Zarif says Iran not an easy prey for adventurers 

February 20, 2017

TEHRAN – The Iranian foreign minister said on Monday that his country is not an “easy target” for those who have an eye for it thanks to the country’s capabilities. 

He made the remarks in an interview with the BBC's Chief International Correspondent, Lyse Doucet. 

Here is a transcript of the interview.

I certainly hope that prudence will prevail, because Iran is not an easy target. We’re not going to provoke anybody; we’re never going to instigate any hostility. We’ve never started a hostility and we’re not planning to do one. But we will defend ourselves. I do not believe that people looking at our history, people looking at our capabilities will ever make the decision to engage in that misadventure. 

Q: Iran test-fired a ballistic missile; the U.S. imposed new sanctions and in president Trump’s words ‘put Iran on notice’. Are you worried about an escalation?

A: Well, missiles are our defensive means. We are not seeking to provoke anybody.

Q: Is it unwise perhaps, in current context to engage in that kind of act? Illegal or not?

A: We’re a sovereign state. For our defense and for being ready to defend ourselves. You see, if you were in Iran for 8 years, where everybody in the international system, including the U.S., do you remember the tilt towards Iraq.

Q: You’re talking about the 1980’s.

A: I’m talking about the 1980’s. Our people do not forget the fact that they were being bombarded. Everybody was providing assistance to the aggressor and no one, absolutely no one, gave us even the rudimentary means of defense. 

Q: The Saudis and the Americans and the Israelis are now talking about options on the table, consequences, if you don’t do certain things?

A: Well, first of all we’re not talking about the law of the jungle, we’re talking about international law. And according to international law, those options are a violation of international law, and I advise them not only to respect international law, but to be prudent enough not to get themselves in serious trouble. 

Q: But the directory is changing, because no longer is the U.S. the country that you concluded a historic nuclear deal with, under the last administration’s John Kerry, you’re now talking about the U.S. officials who are putting you on notice. 

A: Well, I believe that the previous administration reached a nuclear deal with Iran because it didn’t have any choice. It tried, the hushes, the crippling sanctions; that existed. Those sanctions produced the exact opposite political outcome.
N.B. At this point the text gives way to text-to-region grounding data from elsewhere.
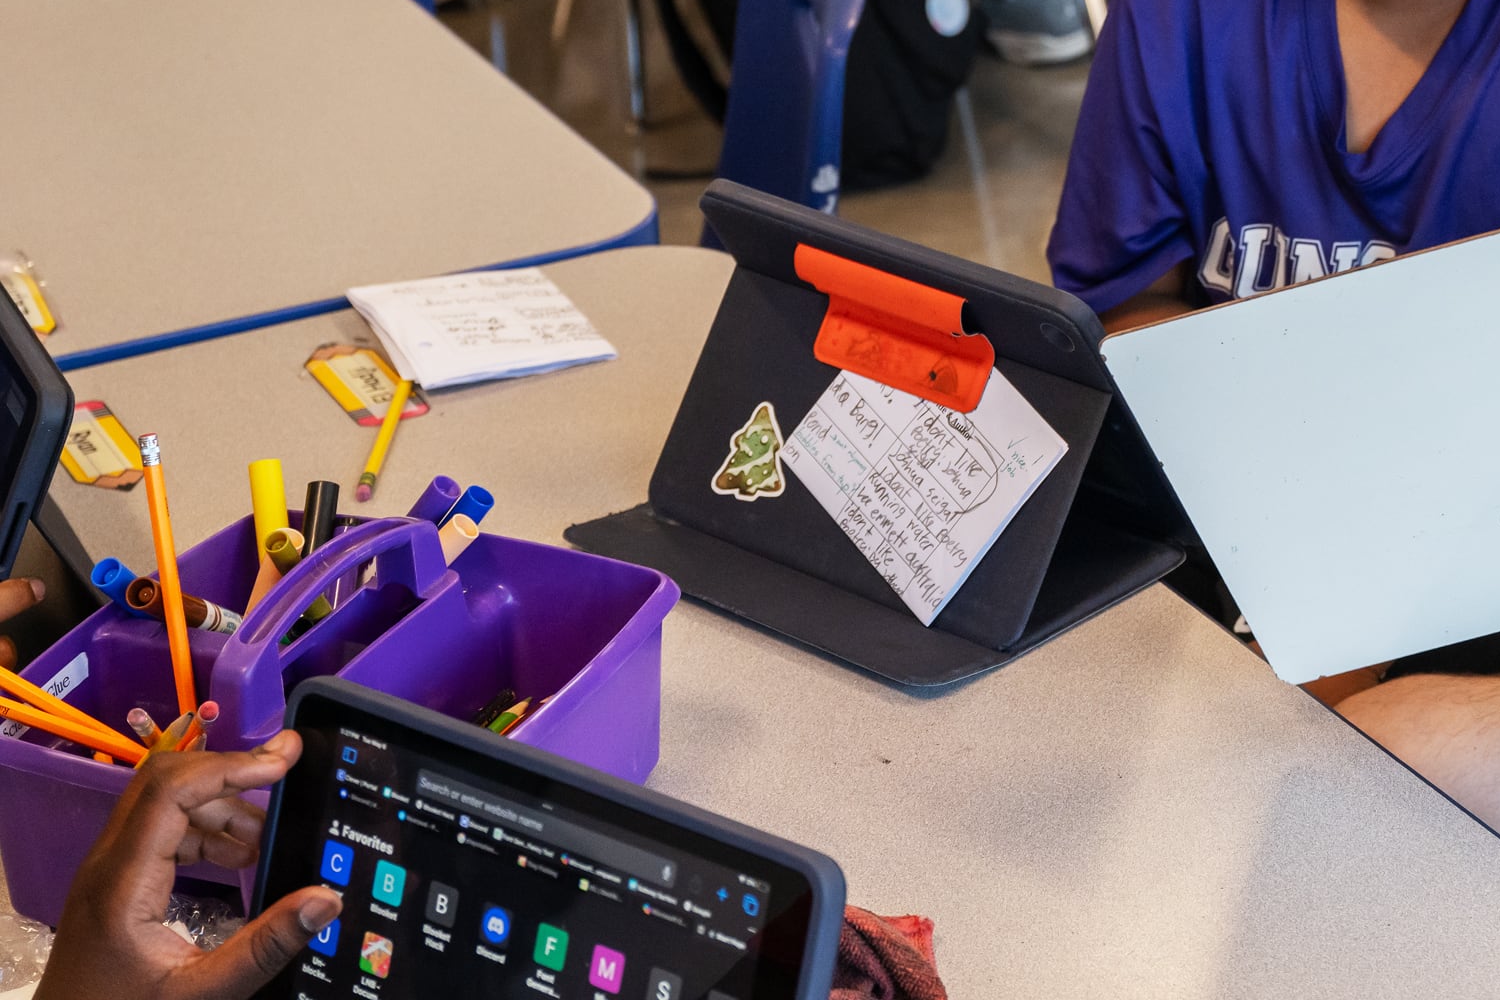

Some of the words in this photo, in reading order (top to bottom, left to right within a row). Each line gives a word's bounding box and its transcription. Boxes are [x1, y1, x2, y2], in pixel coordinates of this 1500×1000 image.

[420, 776, 450, 798] Search
[460, 793, 483, 809] enter
[484, 803, 518, 823] website
[518, 815, 544, 833] name
[341, 824, 394, 856] Favorites
[330, 853, 344, 873] C
[383, 873, 395, 893] B
[435, 893, 448, 914] B
[544, 936, 558, 957] F
[598, 957, 616, 981] M
[656, 980, 671, 1000] S
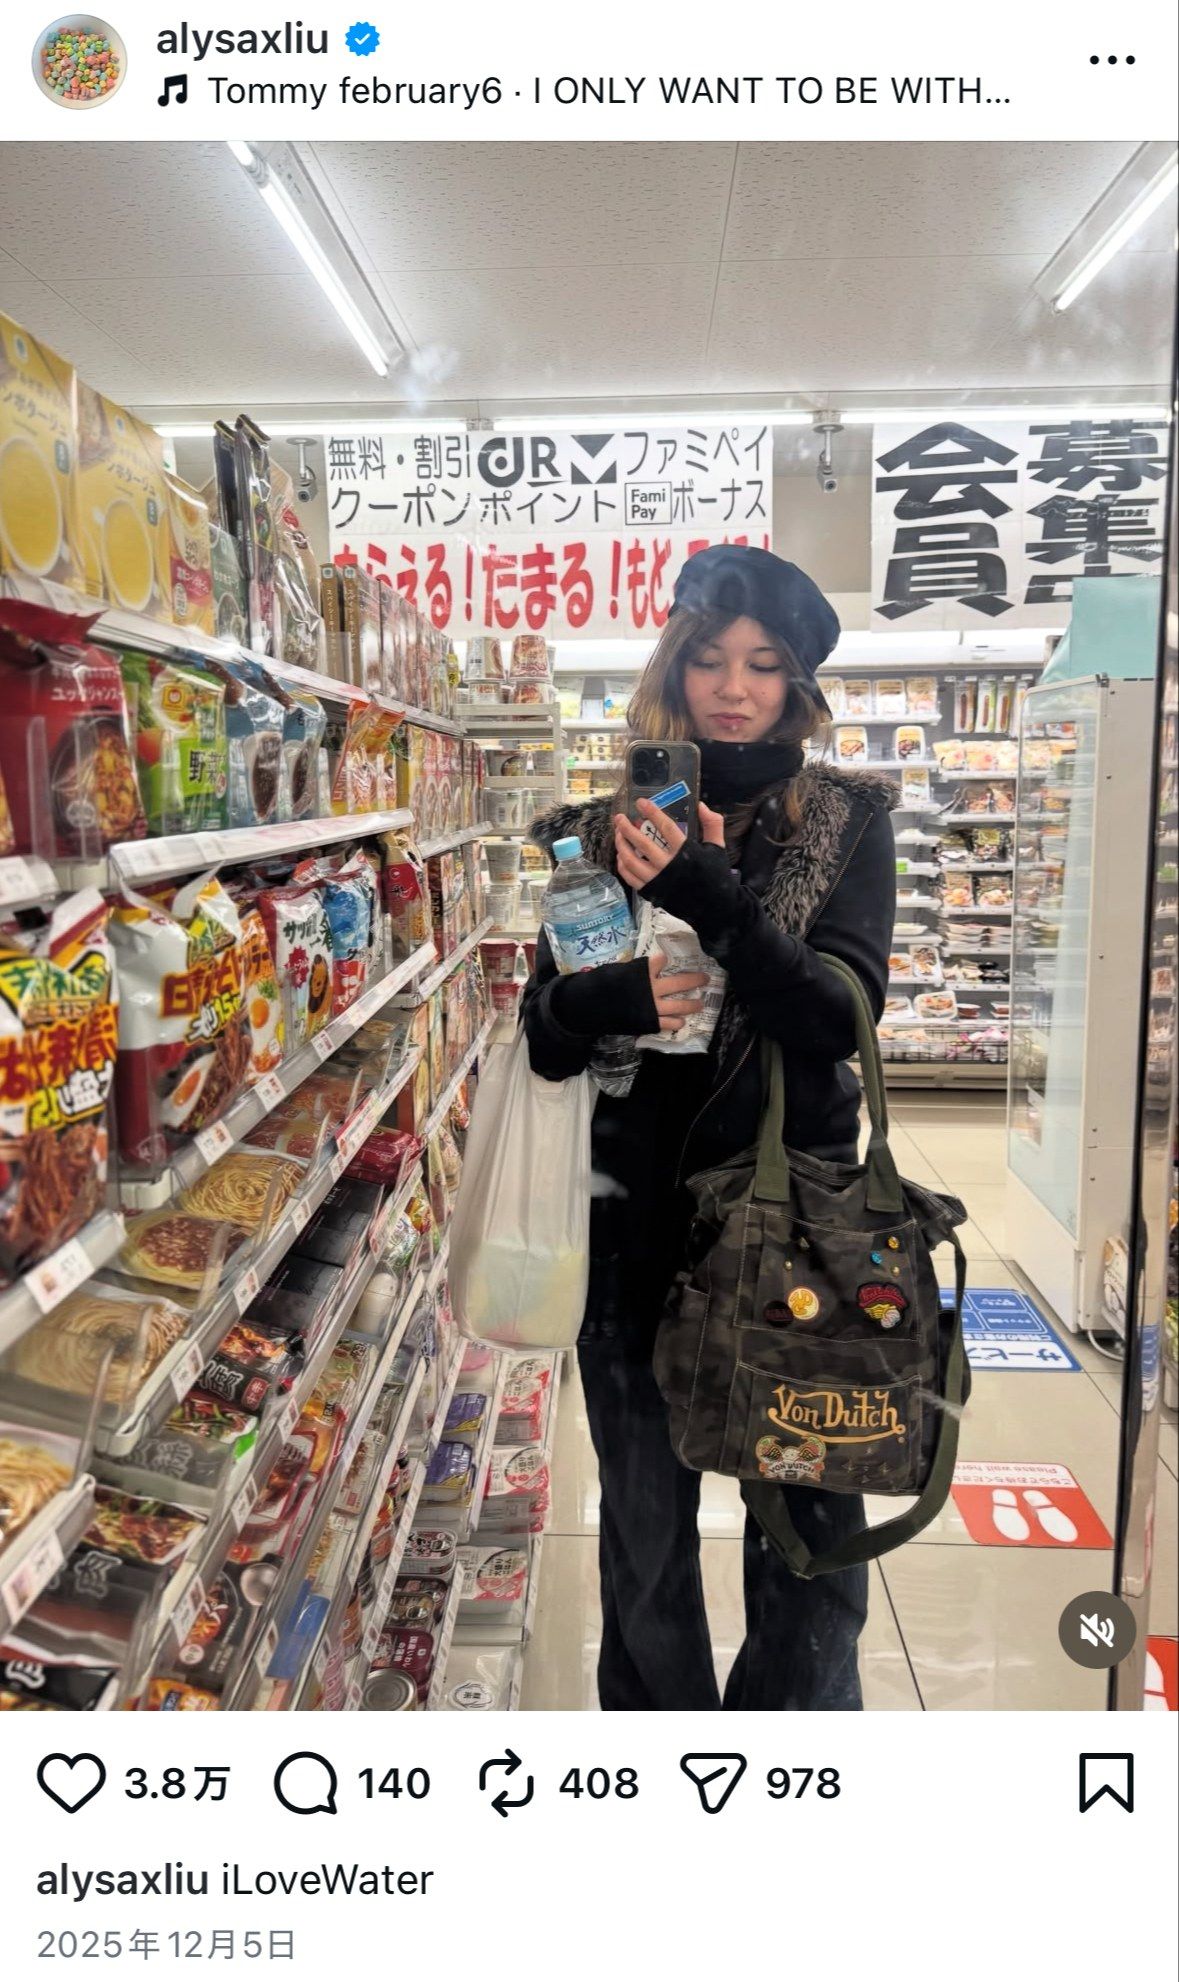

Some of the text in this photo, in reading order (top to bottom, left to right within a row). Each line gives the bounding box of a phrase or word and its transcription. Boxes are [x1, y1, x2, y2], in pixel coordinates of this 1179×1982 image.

[328, 434, 472, 481] 無料・割引
[625, 425, 769, 475] ファミペイ
[331, 484, 617, 529] クーポン ポイント
[630, 488, 667, 504] Fami
[630, 505, 657, 520] Pay
[673, 479, 767, 521] ボーナス
[873, 421, 1019, 620] 会員
[576, 925, 627, 956] 天然水
[771, 1384, 905, 1431] Von Dutch
They put economic pressure on Iran, but the Iranian people resisted, the Iranian people stood up against those pressures. 
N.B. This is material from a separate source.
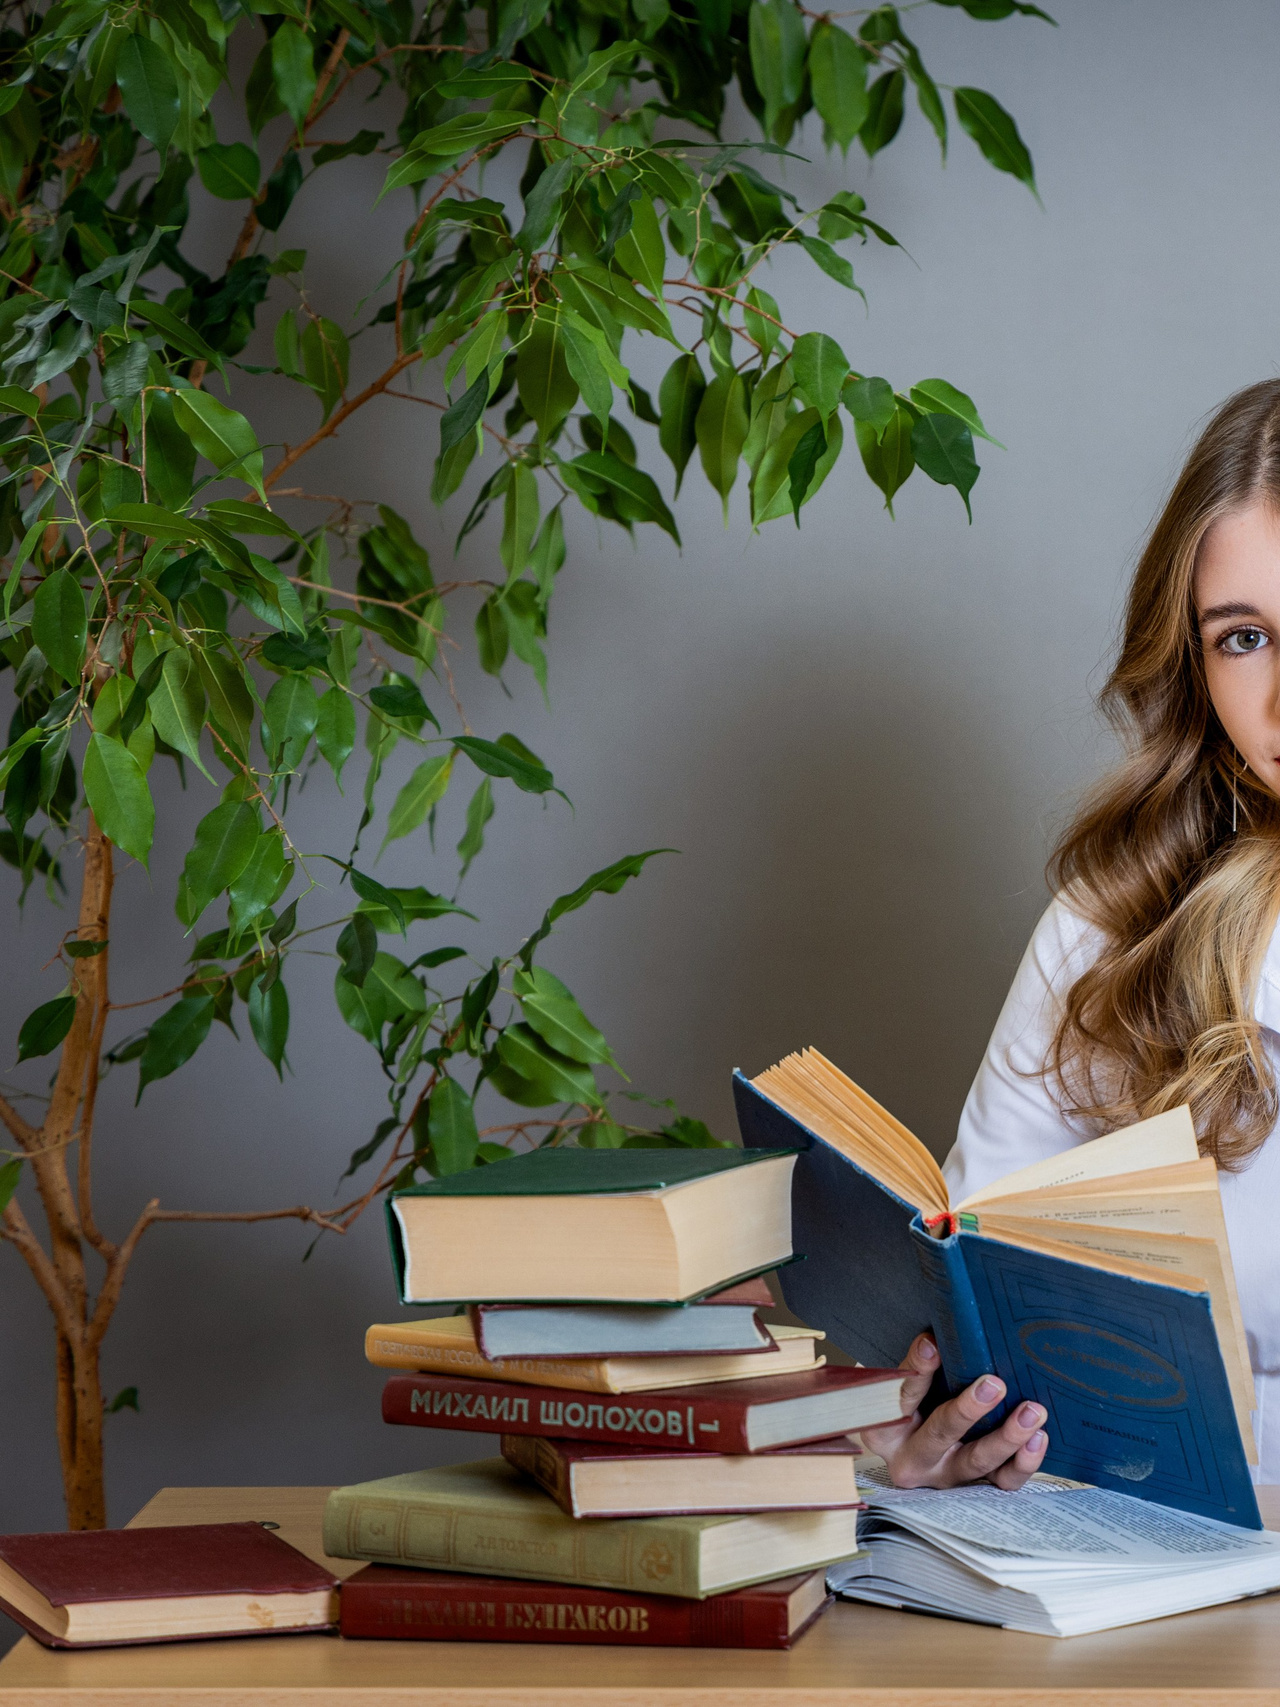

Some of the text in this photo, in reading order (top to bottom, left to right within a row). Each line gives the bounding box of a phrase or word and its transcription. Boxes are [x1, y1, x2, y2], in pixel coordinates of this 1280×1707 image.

[410, 1388, 529, 1422] МИХАИЛ
[540, 1400, 683, 1436] ШОЛОХОВ
[504, 1602, 650, 1632] БУЛГАКОВ
We would advise everybody that the nuclear agreement is a reasonable agreement. It’s not everything that they wanted, nor was it everything that we wanted. But it’s a reasonable middle ground and I believe that if the previous administration had other options, they would have exercised them. 

So it’s not like we’re moving from very friendly relations into a hostile relations. U.S. policy towards Iran has never been friendly for the past 38 years. It’s always been hostile and our people have shown that hostility doesn’t receive a positive response from the Iranian people.